Texas officials defend separation of FLDS children and parents
Tim Hussin, Deseret News
SAN ANGELO, Texas Texas child protection officials defended the removal of 416 children from the polygamist YFZ Ranch and said they were hopeful a judge on Thursday will continue to keep the children in the state's custody.
"We believe we have a strong case," and that the children will remain in the state's temporary care, said Marleigh Meisner, with the Texas Department of Family and Protective Services.
At a news conference Tuesday at a San Angelo museum, Meisner said she believed that there are children in the state's care that have been victims of physical and sexual abuse and other children who were at risk. The ranch was "not a safe environment for these children."
Meisner outlined a collaborative response by state agencies in dealing with the overwhelming magnitude of caring for such a large number of people. On Monday, the state agency came under fire for the seemingly abrupt separation of hundreds of children from their mothers and other female adult caretakers.
The decision which came 11 days after the initial raid came after "a lot of thought," she said. "We really stand by that decision."
Often, Meisner explained, children who remain in the company of an adult during the midst of a child abuse investigation do not feel that they can freely speak.
"We believe children who are victims of abuse and neglect are certainly going to feel safer if there is not a parent there, coaching them ... that is true of any child protection case," she said.
There were 100 children, 4 years old and older, who were sequestered with child protection staff, and one caregiver is assigned to three children. Children under age 4 were allowed to stay with their adult caretakers.
Meisner said that Monday's action resulted in 57 women who were transported to the San Angelo Coliseum, and six women accepted the agency's offer to move into "a safe place," while others requested to returnn to the ranch. Authorities provided that transportation.
"It was a difficult thing to do," she said. "Children like to be with their parents, and parents like to be with their children. There was some sadness as well as some tears."
The children who have been separated have indoor and outdoor play areas, and are being provided three meals a day plus snacks.
"They are happy, they are playing," she said.
Meisner also outlined other agency action, including the transfer of two dozen adolescent boys. They were moved Monday afternoon and placed in temporary foster custody.
To support those assertions, state Rep. Drew Darby, R-San Angelo, praised state efforts in connection with the FLDS raid and described the situation that led to the raid as "a great human tragedy. ... As a human being, none of us like human misery, nor do we like the abuse of children. We have a saying here: 'Don't mess with Texas.' I'm going to change it up and say, 'Don't mess with the children of Texas."'
Also speaking at the news conference was Dr. Adolfo Valadez, assistant commissioner with the state Department of Health, who has been on-site with the children. He has overseen the delivery of medical care for the children, including "strict and stringent infection control policy."

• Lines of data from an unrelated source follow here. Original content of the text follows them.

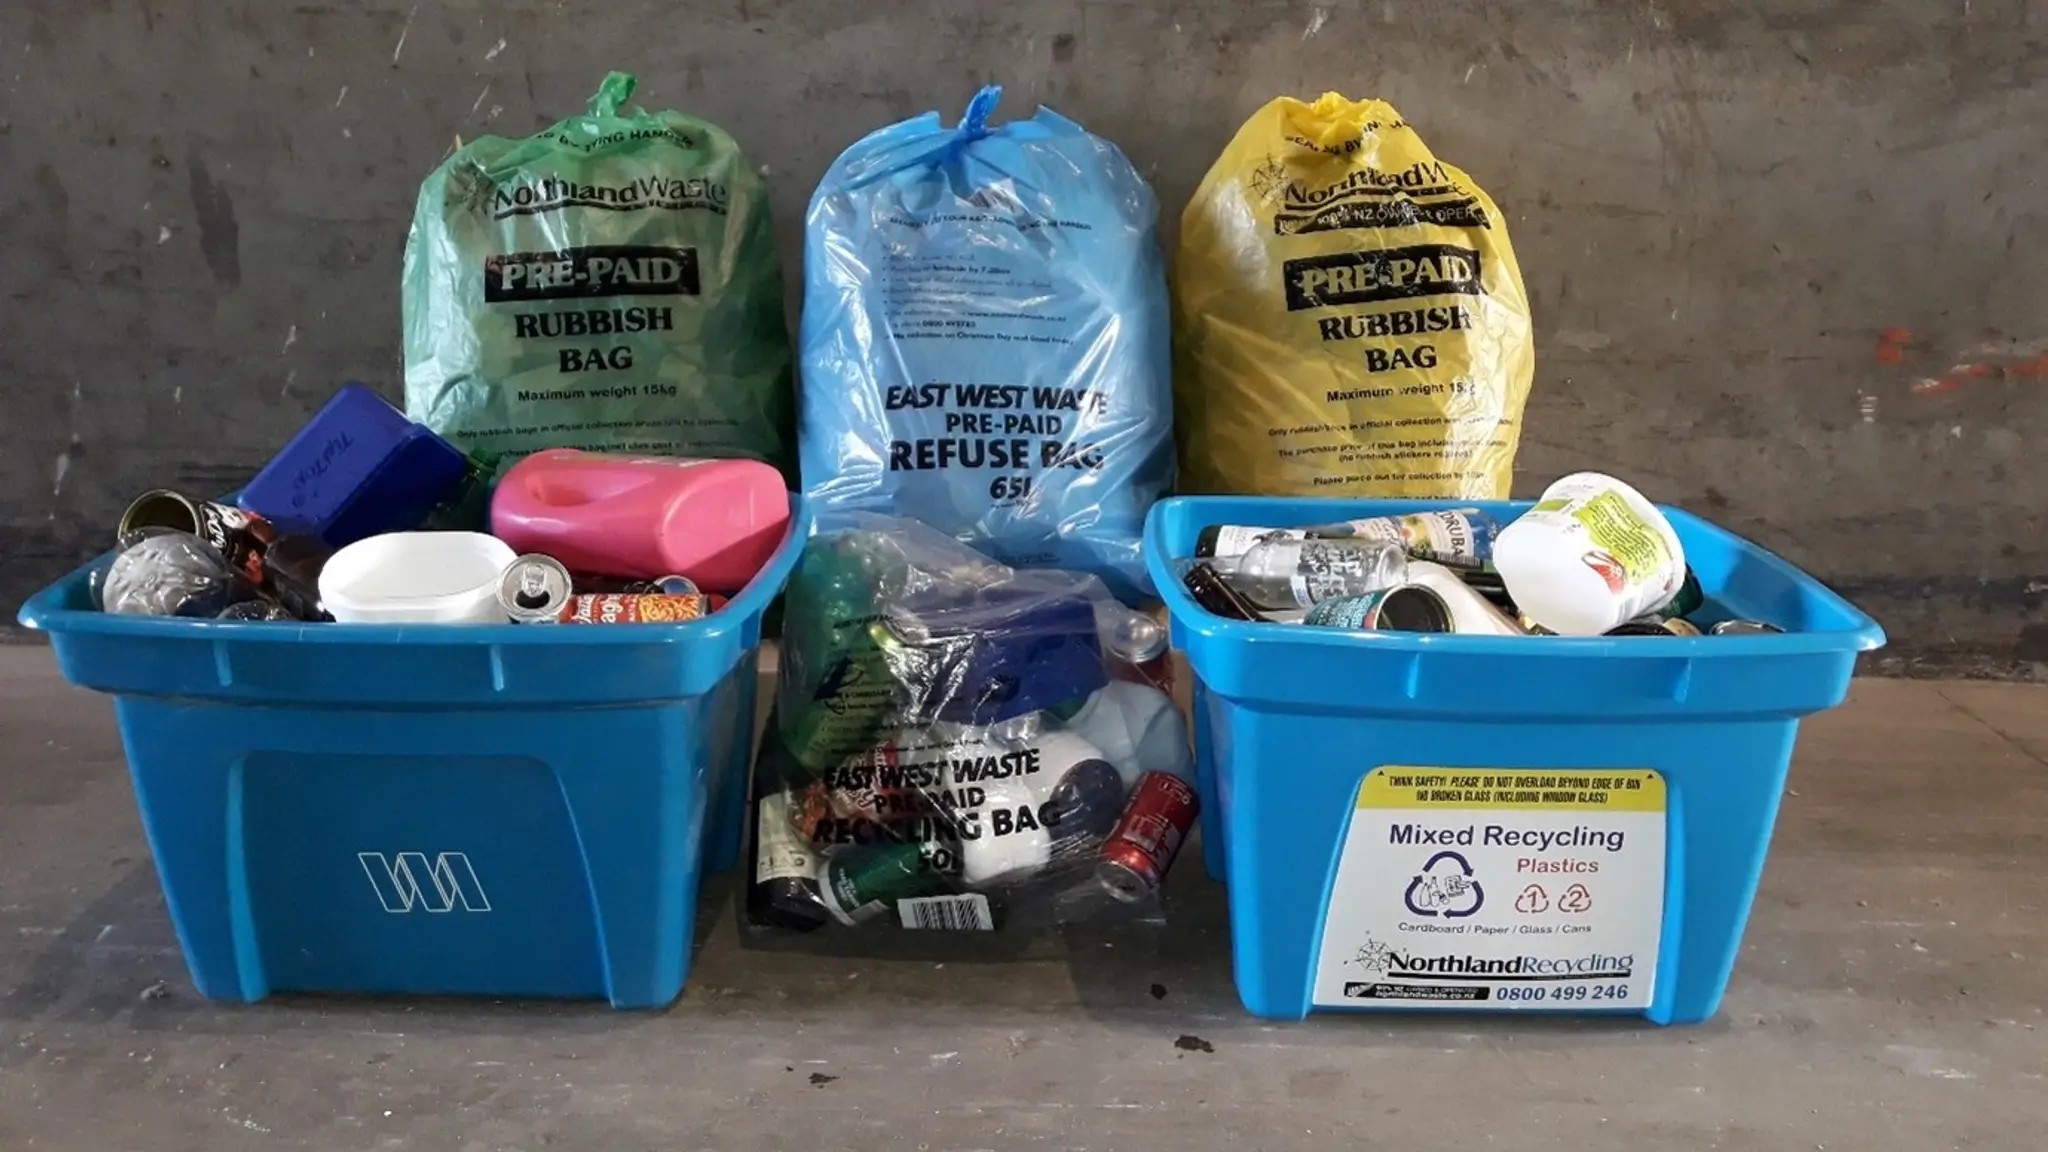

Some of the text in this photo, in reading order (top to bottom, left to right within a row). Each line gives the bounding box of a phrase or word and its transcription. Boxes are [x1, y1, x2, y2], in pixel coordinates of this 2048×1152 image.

[1353, 207, 1374, 220] NZ
[501, 257, 683, 291] PRE-PAID
[1302, 255, 1473, 297] PRE-PAID
[514, 307, 674, 338] RUBBISH
[1317, 304, 1472, 341] RUBBISH
[558, 347, 633, 373] BAG
[1365, 345, 1437, 373] BAG
[517, 384, 677, 402] Maximum weight 15kg
[885, 383, 1108, 414] EAST WEST WASTE
[1326, 387, 1394, 402] Maximum
[946, 412, 1063, 436] PRE-PAID
[1268, 428, 1287, 437] Only
[890, 438, 1105, 471] REFUSE BAG
[823, 749, 1040, 790] EAST WEST WASTE
[1389, 776, 1413, 787] THINK
[1450, 776, 1480, 788] PLEASE
[1483, 777, 1495, 788] DO
[1496, 777, 1512, 788] NOT
[1514, 777, 1556, 788] OVERLOAD
[1557, 777, 1590, 788] BEYOND
[1592, 778, 1612, 789] EDGE
[1614, 778, 1625, 789] OF
[1626, 778, 1641, 790] BIN
[1416, 790, 1429, 801] NO
[1431, 790, 1462, 801] BROKEN
[1464, 791, 1491, 802] GLASS
[1542, 792, 1576, 803] WINDOW
[1578, 792, 1608, 804] GLASS)
[813, 801, 1062, 844] RECYCLING BAG
[1390, 824, 1625, 852] Mixed Recycling
[1517, 858, 1599, 873] Plastics
[1528, 890, 1583, 907] 1 2
[1398, 922, 1465, 934] Cardboard
[1474, 924, 1509, 936] Paper
[1519, 924, 1552, 935] Glass
[1562, 923, 1592, 934] Cans
[1388, 953, 1634, 974] NorthlandRecycling
[1497, 984, 1629, 1000] 0800 499 246

The care, which includes mobile clinics and a variety of nursing staff, is not unlike care delivered during the height of Texas hurricane season. He said that two or three more cases of chicken pox have been detected among the children, bringing the total to 23 so far. At the outset of the raid, officials said that several children were ill with the common childhood disease.

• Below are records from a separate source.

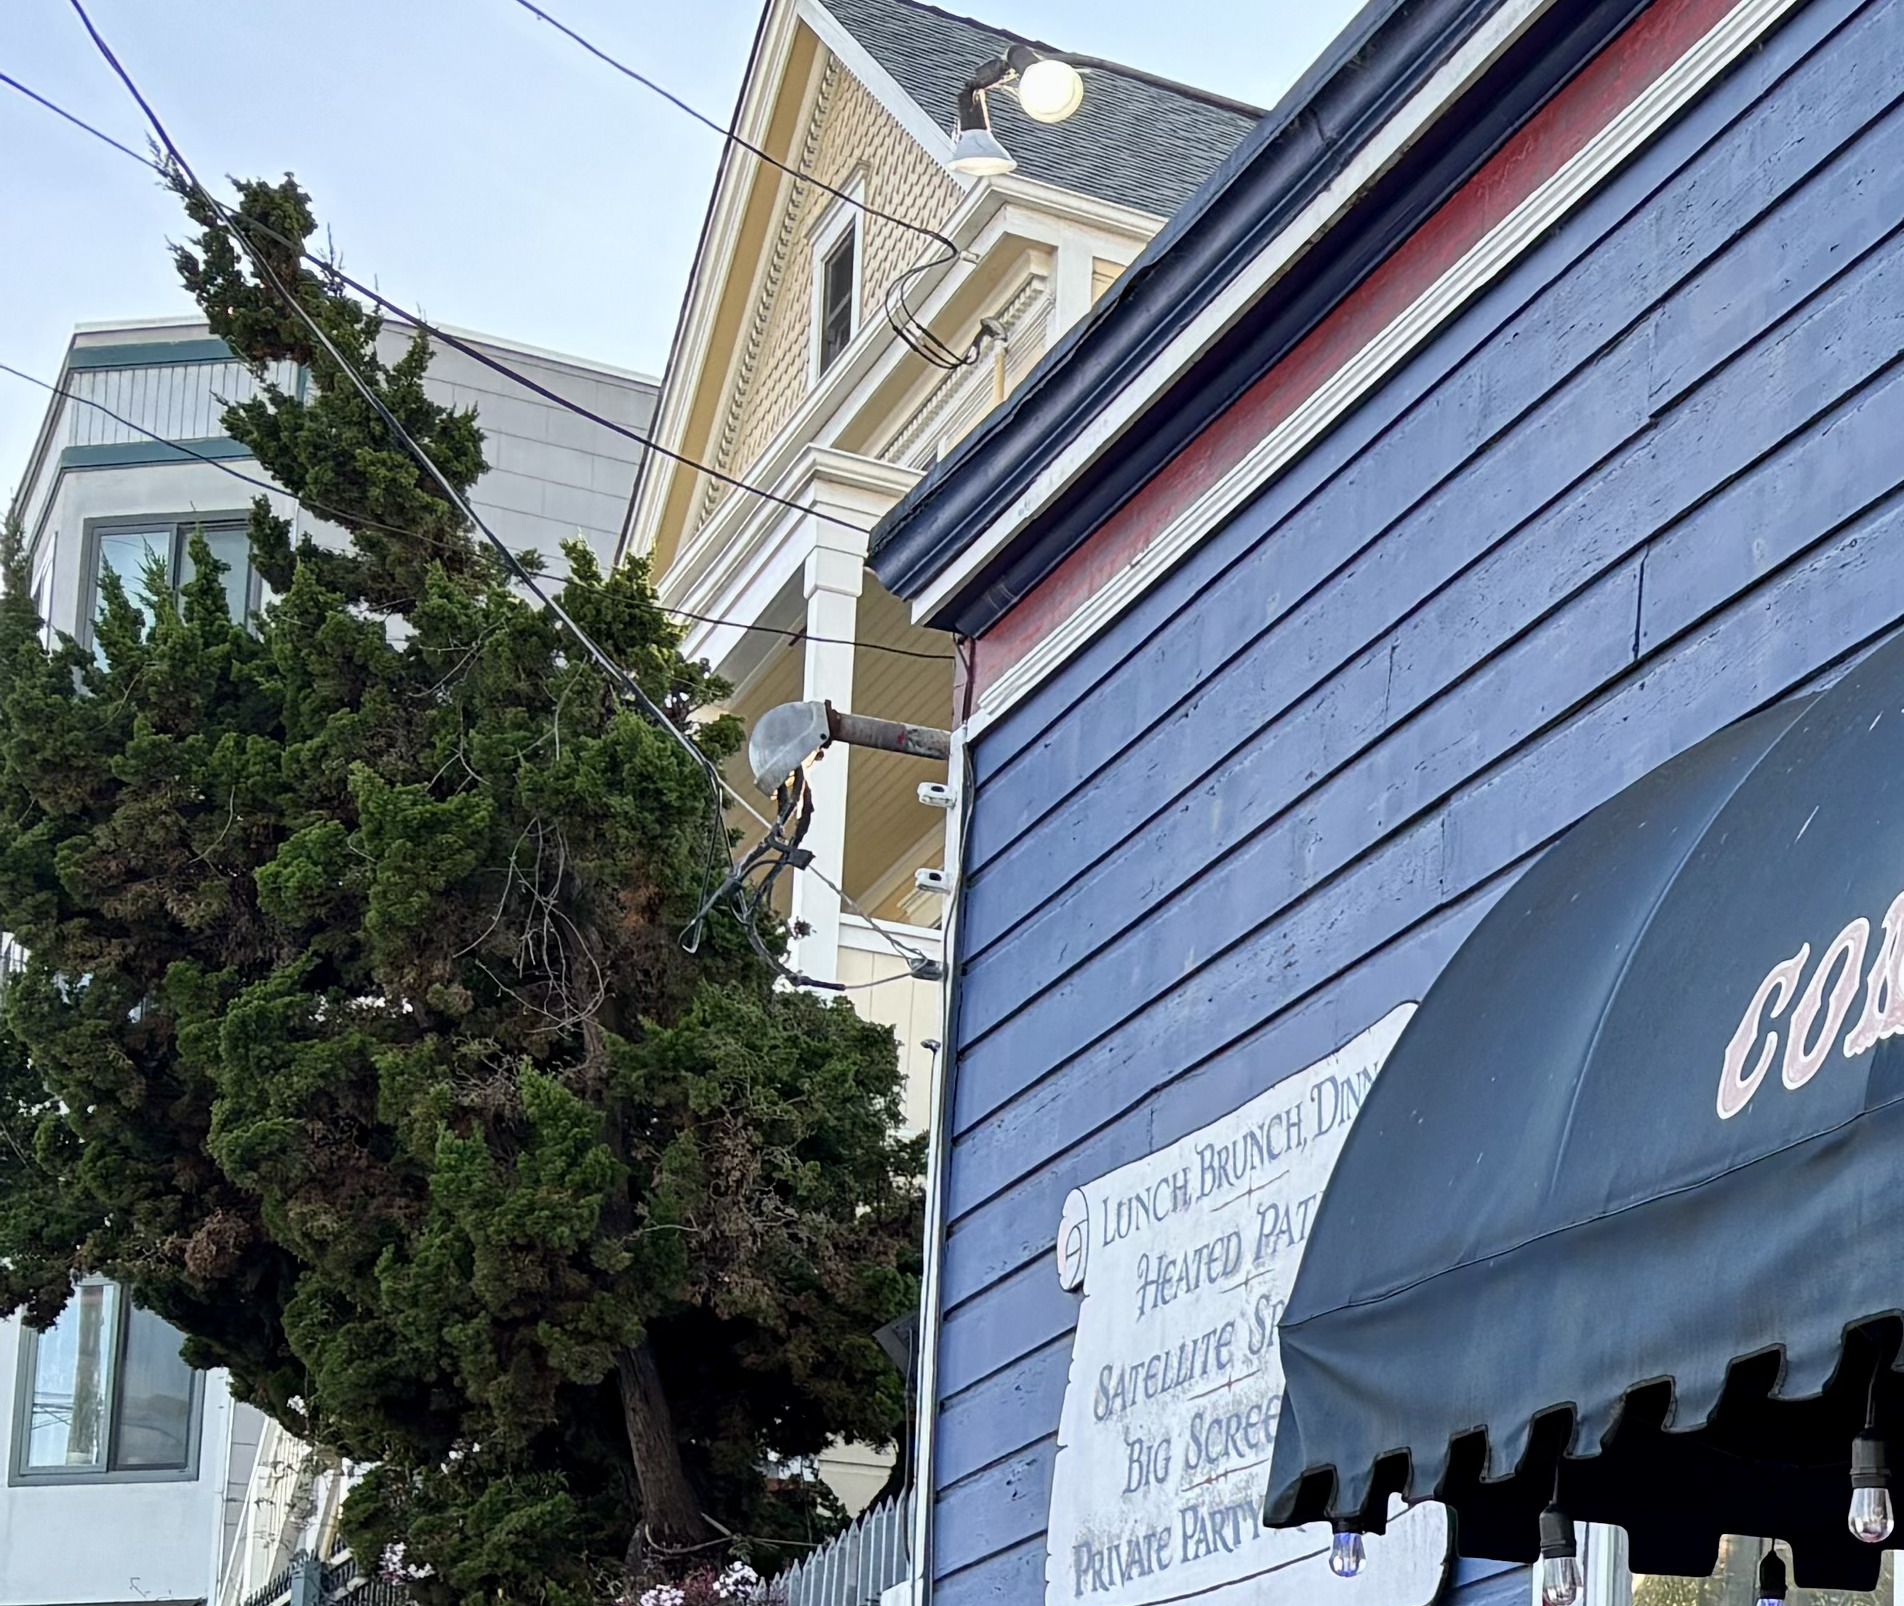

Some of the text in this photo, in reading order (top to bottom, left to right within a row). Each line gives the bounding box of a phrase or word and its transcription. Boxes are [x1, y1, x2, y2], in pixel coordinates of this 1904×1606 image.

[1102, 1166, 1192, 1249] LUNCH,
[1195, 1102, 1307, 1200] BRUNCH,
[1136, 1190, 1325, 1323] HEATED PAT
[1094, 1320, 1236, 1421] SATELLITE
[1122, 1425, 1172, 1495] BIG
[1072, 1501, 1264, 1598] PRIVATE PARTY

On Tuesday, the doctor said there were no children in isolation, but he did not rule out the possibility of additional chicken pox cases because of its long incubation period.
In other developments, a spokeswoman with the State Bar of Texas said that, so far, 350 attorneys had stepped forward to render their services in the representation of children seized from the YFZ Ranch.
"I'm very pleased with the Texas response," said Kim Davey, bar spokeswoman.
While the majority of the attorneys who have stepped forward have specialized training in family law, Davey said, others came from various unrelated disciplines. Those attorneys have received a quick tutorial to help them in their duties.
"They understand what they need to know to serve as an attorney ad litem," Davey said.
The attorneys are in a wait-and-watch mode until the outcome of a Thursday hearing, which Davey described as something that's going to be "phenomenal. ... Of course, each child constitutionally is entitled to have an attorney."
She added that the unusual aspects of this case 416 children are in state custody represent a challenge for Texas lawyers, but one she thought they would be able to handle.The Texas Bar Association has 80,000 members.